Erik Stevenson has played for four different teams over five seasons in his college career, but he will make his solo appearance in the NCAA Tournament today when his team takes on Maryland.
Stephenson began his professional career at Wichita State for two seasons before moving to Washington and then South Carolina. He then chose to use his senior year at West Virginia.
The senior guard was on his way to the Big Dance during his sophomore season at Wichita State but unfortunately the tournament was canceled due to the COVID-19 pandemic.
That alone hurt, but it hurt even more after moving home to Washington the following year and not coming close to qualifying for the event as one of the worst teams in college basketball.
“I was exciting because we won 5 games when I was in Washington. We went from 23 wins to 5 wins and you know how competitive it is to win. It was driving me crazy,” he said.
Last season at South Carolina, Stephenson had more success at 18-13, but his team wasn’t able to do enough to be included on the field. That made this year a do-or-die situation when it comes to being able to experience the rush of emotion that the NCAA tournament brings.
This was the whole season who chose to come to Morgantown in the first place and why he didn’t look at options outside of college basketball. Now, it’s time.
“Looks like I played a thousand college games. So, I mean, I had that feeling last year and that might be my last. But I’m back this year and I’m glad I’m going to finish my career where I want to be in the NCAA Tournament,” Stephenson said.
He was a big 12-conference third-team selection and a mix of ups and downs during his only year at West Virginia, but he’s playing his best basketball at the right time.
Stephenson stretched to score 23 or more points in five straight games to finish the regular season making him one of only five players to do so in the history of the basketball program. It’s a list that includes Jerry West, Rod Thorne, Hot Rod Hundley, and Will Robinson for perspective.
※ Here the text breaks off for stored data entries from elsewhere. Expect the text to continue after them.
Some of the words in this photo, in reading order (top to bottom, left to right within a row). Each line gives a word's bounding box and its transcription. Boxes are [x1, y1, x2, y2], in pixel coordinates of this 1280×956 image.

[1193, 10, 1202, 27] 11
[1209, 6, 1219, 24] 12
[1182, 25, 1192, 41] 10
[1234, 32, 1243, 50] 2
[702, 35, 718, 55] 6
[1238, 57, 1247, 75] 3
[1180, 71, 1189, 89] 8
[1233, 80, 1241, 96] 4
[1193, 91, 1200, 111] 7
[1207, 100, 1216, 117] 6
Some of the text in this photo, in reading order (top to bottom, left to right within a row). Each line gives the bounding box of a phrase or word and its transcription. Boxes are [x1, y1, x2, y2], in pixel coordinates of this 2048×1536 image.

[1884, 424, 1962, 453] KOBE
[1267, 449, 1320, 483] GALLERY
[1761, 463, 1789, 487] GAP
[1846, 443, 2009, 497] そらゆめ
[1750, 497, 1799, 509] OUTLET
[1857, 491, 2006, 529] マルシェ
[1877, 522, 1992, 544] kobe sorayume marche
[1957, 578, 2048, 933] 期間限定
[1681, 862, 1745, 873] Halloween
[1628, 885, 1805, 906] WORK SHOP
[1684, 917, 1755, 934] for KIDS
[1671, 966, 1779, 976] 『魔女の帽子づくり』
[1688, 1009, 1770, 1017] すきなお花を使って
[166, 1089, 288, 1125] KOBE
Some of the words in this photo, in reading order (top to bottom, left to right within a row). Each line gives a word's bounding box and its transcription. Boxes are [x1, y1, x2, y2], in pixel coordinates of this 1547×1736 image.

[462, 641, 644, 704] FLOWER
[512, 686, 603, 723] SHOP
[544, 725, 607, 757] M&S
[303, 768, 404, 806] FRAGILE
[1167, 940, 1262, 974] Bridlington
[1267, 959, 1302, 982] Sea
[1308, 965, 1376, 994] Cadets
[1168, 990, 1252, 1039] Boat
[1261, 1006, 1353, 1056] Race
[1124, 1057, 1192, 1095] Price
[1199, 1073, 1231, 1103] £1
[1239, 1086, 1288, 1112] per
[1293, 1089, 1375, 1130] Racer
Now, Stephenson is hoping that translates into a big dance. Of course there will be a bit of a nerve wrack but that is where his experience comes into play.
“It’s hard to believe he played for the coaches he played for and the programs he played in and he didn’t play in the NCAA Tournament,” said Bob Huggins, head coach of the team.
At 15.5 points per game and shooting 38 percent from three, both career highs, Stevenson is hoping he can play his part in expanding his aim beyond just the first round. But the tough Terrapins are waiting on the other side in the 8/9 game and then probably #1 seed Alabama.
But his teammates have no doubt that Stevenson will be ready. As a standout guard, Keidrian Johnson said his backcourt teammate would hit the ball well inside Legacy Arena.
In large part because that’s exactly what he’s asked for since donning a West Virginia jersey.
“It’s the bright lights, it’s the NCAA tournament. Eric’s going to make a lot of putts,” Johnson said.
Time will tell if it will be enough for the mountaineers to continue dancing another day.